Perdere di vista questo principio di buon senso e realtà significa condannare il Mezzogiorno a morte certa. Scrivevamo solo un mese fa che sarebbe quanto mai scellerato pensare di affrontare l’emergenza senza precedenti della pandemia dimenticando che l’Italia, dal punto di vista economico non è un Paese ma sono due. Perdere di vista la differenza abissale tra il Mezzogiorno e il resto della nazione nel progettare interventi anticiclici che aiutino gli italiani finiti in ginocchio a rimettersi in piedi sarebbe non solo cieco ma disonesto.

Futuro, non sussidi

Ora che Draghi è stato chiamato alla sfida cruciale dal Presidente della Repubblica e che un suo governo potrebbe nascere con un consistente sostegno parlamentare è ora di applicare quei principi ragionevoli esposti dall’allora governatore nel 2009. E coniugarli con quelli esposti dalo stesso Draghi solo pochi mesi fa, era l’agosto 2020, al Meeting di Rimini: “Ai giovani bisogna dare di più: i sussidi finiranno e resterà la mancanza di una qualificazione professionale, che potrà sacrificare la loro libertà di scelta e il loro reddito futuri”, disse in quell’occasione l’ex presidente della Bce. Ma quei giovani a cui dare di più sono anzi tutto quelli del Mezzogiorno, i primi a sperimentare l’asfissia di un territorio sempre più condannato a vivere di sussidi. Per farlo c’è l’occasione offerta dal Recovery Fund, che può essere il “debito buono” di cui Draghi parlò al Meeting contrapponendolo a un “debito cattivo”: il primo è quello che finanzia la crescita, l’altro è quello puramente assistenziale.

Draghi e il Sud: migliorare i servizi

Una traccia di programma c’è già. Basta che il professore rilegga il suo intervento del 2009. Ad esempio nella parte in cui sosteneva che “i sussidi alle imprese sono stati generalmente inefficaci: si incentivano spesso investimenti che sarebbero stati effettuati comunque; si introducono distorsioni di varia natura penalizzando frequentemente imprenditori più capaci. Non è pertanto dai sussidi che può venire uno sviluppo durevole delle attività produttive. Insomma, occorre investire in applicazione, piuttosto che in sussidi – proseguiva Draghi -. Tradurre questa impostazione in atti concreti di governo non è facile.

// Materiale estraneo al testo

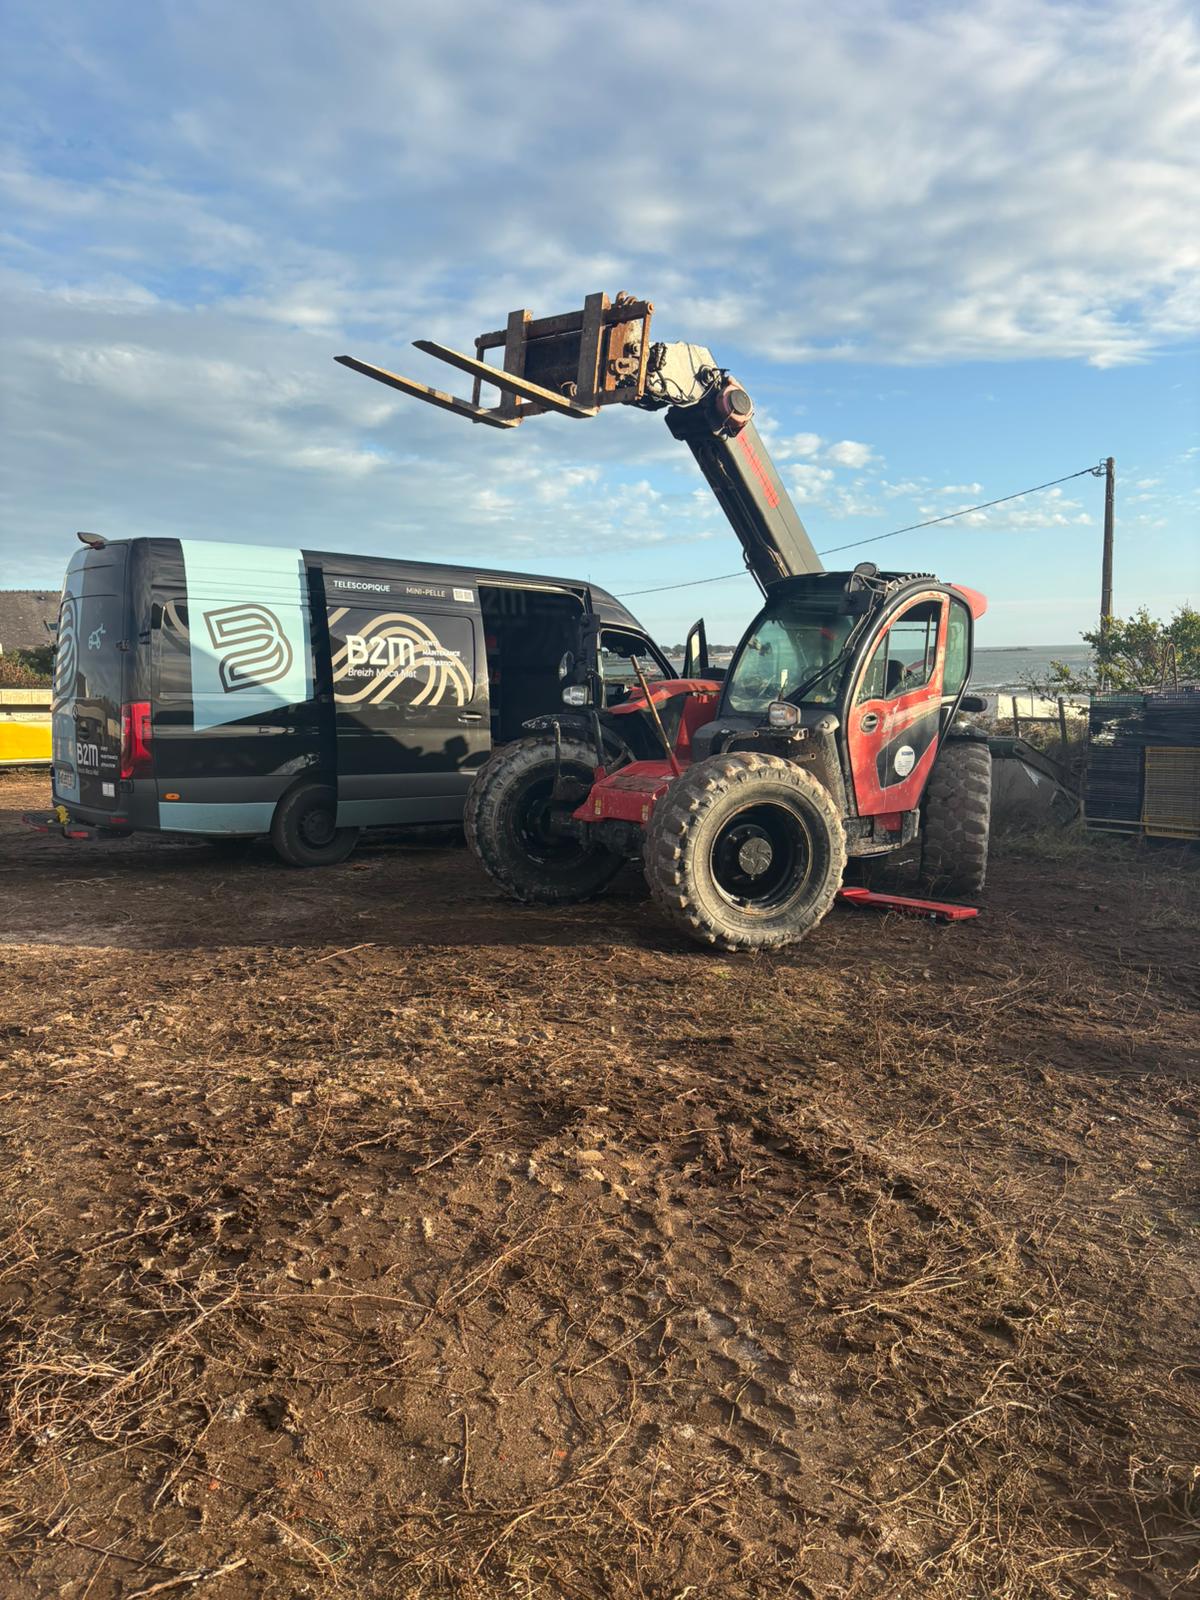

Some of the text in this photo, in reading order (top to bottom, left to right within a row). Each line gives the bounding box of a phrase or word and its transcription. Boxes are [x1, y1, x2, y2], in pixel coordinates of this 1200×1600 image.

[333, 580, 391, 592] TELESCOPIQUE
[345, 635, 417, 666] B2M
[348, 667, 374, 677] Breizh
[76, 742, 99, 767] B2M

Si deve puntare a migliorare la qualità dei servizi forniti da ciascuna scuola, da ciascun ospedale e tribunale, da ciascun ente amministrativo o di produzione di servizi di trasporto o di gestione dei rifiuti”. Riuscirà “Super Mario” a passare dalle parole ai fatti? La totale assenza della questione meridionale nel dibattito pubblico non ci fa sperare molto. Lo spessore del personaggio ci spinge però a un’apertura di credito sforzandoci di augurarci, spes contra spem, che la pioggia di fondi del Recovery possa essere l’occasione buona. Difficilmente ce ne saranno altre.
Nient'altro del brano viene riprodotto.